Contact: Sage Bionetworks

Thea Norman, (O) 206-667-3192
(M) 858-997-8598
thea.norman@sagebase.org

Sage Bionetworks Advocates for Open Systems in Health Research

Nature Comment: Stop the privatization of health data

SEATTLE WA (July 20, 2016)

Sage Bionetworks, a nonprofit biomedical research organization, continues its work to redefine the way in which health data is gathered, shared and used through the use of open systems, incentives and norms. In a Nature commentary published today, a set of governing principles for digital health data analysis that are designed to maximize the contribution of large-scale digital data to advancing medical care are described.  This commentary was co-authored by John Wilbanks, Chief Commons Officer at Sage Bionetworks and Eric Topol, MD, Director of the Scripps Translational Science Institute, and Chief Academic Officer of Scripps Health.   The two work together on the NIH-funded Precision Medicine Initiative that was announced earlier this month.

“Emerging technologies for sensor-based monitoring of health, including wearable trackers and smartphone apps, provide an unprecedented resource for the collection of longitudinal data from individuals,” said Lara Mangravite, PhD, President of Sage Bionetworks. “These data may enable the tailoring of disease modulators to maximize benefit on an individual basis.” The opportunities arising from the availability of large-scale digital health data have caught the attention of many technology companies including those with extensive expertise in big data management and analysis across other domains. However, these companies tend to operate in closed manners that provide little transparency into methods and little opportunity to test reliability of outcomes.  “Closed systems disable the checks and balances necessary to ensure that observations are accurate and reliable,“ said Dr. Mangravite. “This is essential when building algorithms designed to influence decisions about health.”

Harnessing these data will require large-scale efforts for data management and interoperability  – a problem that has been solved across many in other fields but remains an issue within the health space. “Many data providers offer a mechanism to return data to consumers, but not in a way that they can easily combine it with data collected across providers or shared with others,” said Mr. Wilbanks. “The digital health revolution only works if we place the patient in control of how and where their data is shared.”  Sage Bionetworks has conducted a series of clinical research studies in which more than 75% of those enrolling choose to share their data broadly, in contrast to “closed loop” systems where the data disappear into a silo for private analysis. “Over the long term, open systems are necessary to maximize the benefit derived from health data,” said Dr. Mangravite. “They promote multiple avenues of scientific progress in parallel and force a degree of scientific evaluation that can not be otherwise performed.”

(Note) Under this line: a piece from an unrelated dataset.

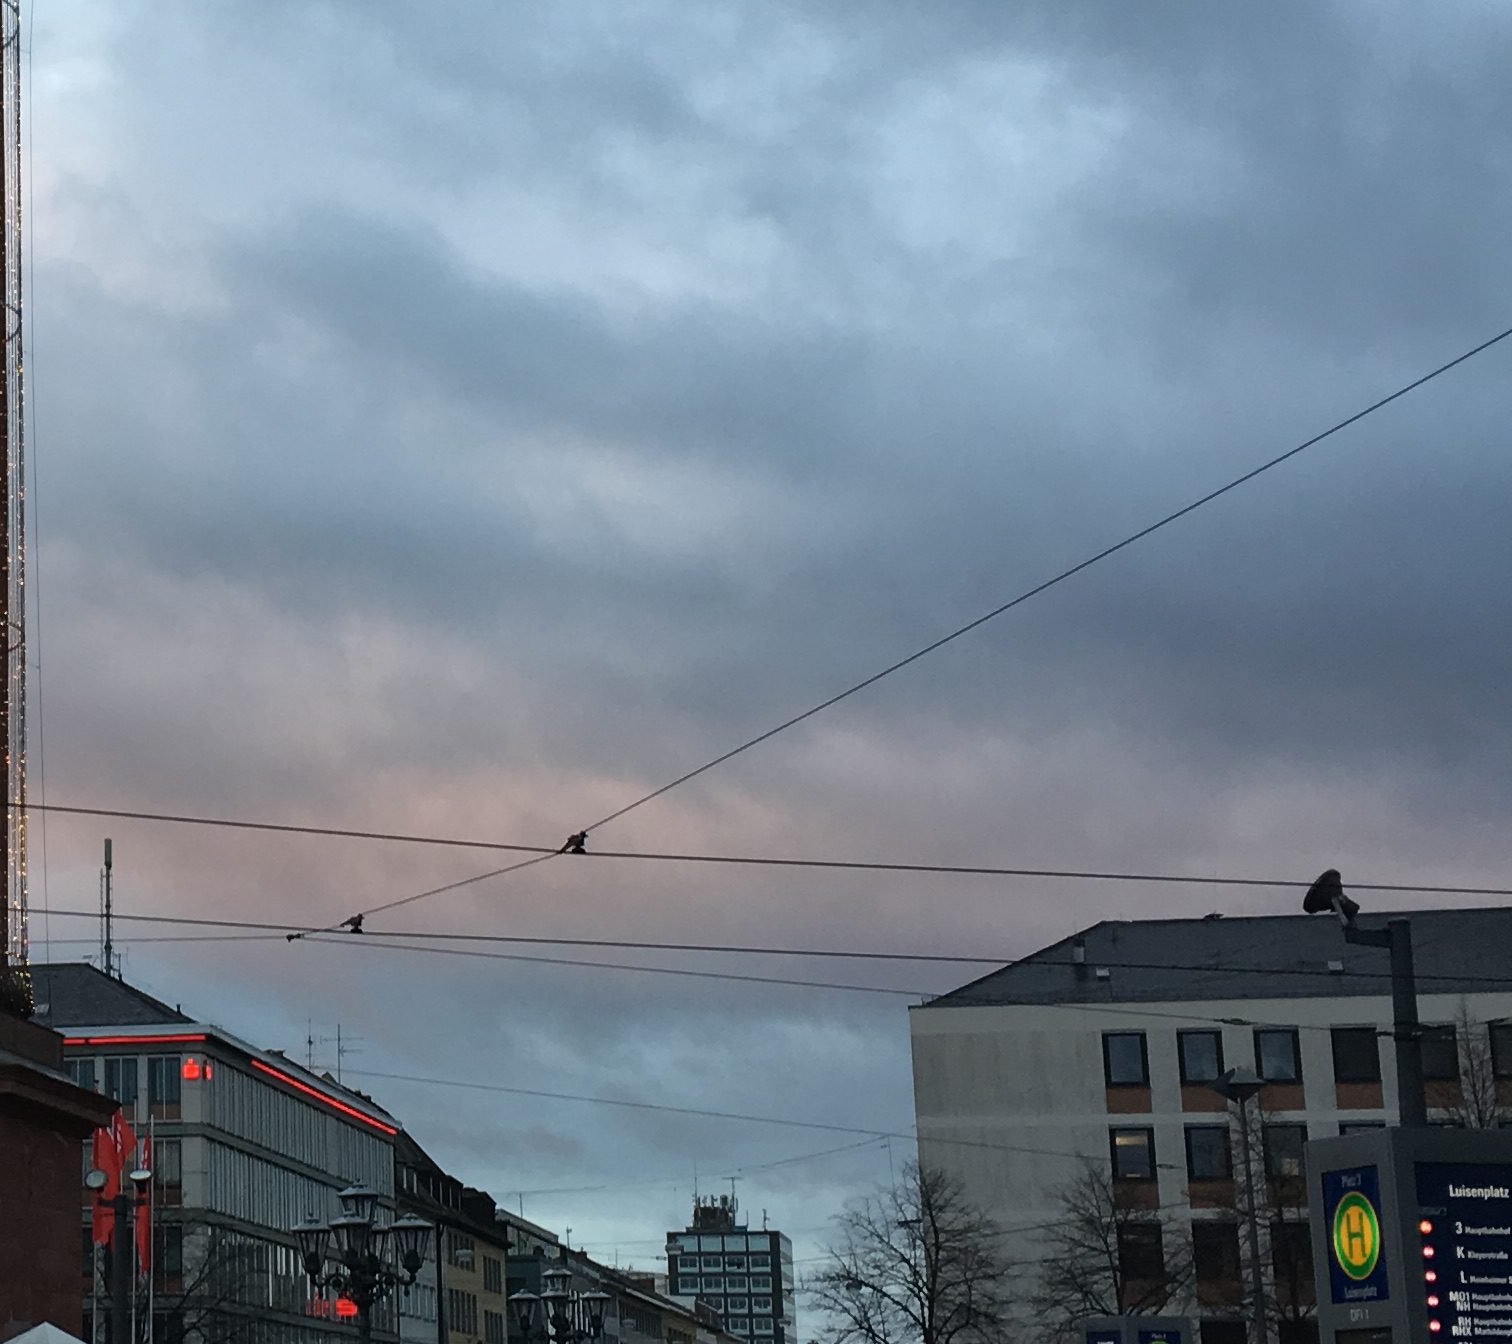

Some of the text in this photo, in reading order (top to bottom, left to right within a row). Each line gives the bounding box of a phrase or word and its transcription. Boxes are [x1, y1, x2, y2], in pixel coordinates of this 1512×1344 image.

A case study in Open Systems: mPower

In March 2015, Sage Bionetworks launched mPower, a smartphone application-based study to pilot the feasibility of remotely collecting frequent measurements of symptom severity and treatment sensitivity in Parkinson’s disease.  The mPower app collects data on capacities affected by Parkinson’s disease, including dexterity, balance and gait, memory, and certain vocal characteristics, through tasks that make use of iPhone sensors.  mPower launched through Apple’s ResearchKit, which helps doctors and scientists quickly gather data for medical research on an ongoing basis using iPhone apps. Unlike traditional studies, mPower participants are able to choose who to share their data with. Sharing options include only those researchers associated with mPower, or qualified researchers worldwide. So far, over 75 percent of the more than 12,000 mPower participants chose to share their data broadly with researchers.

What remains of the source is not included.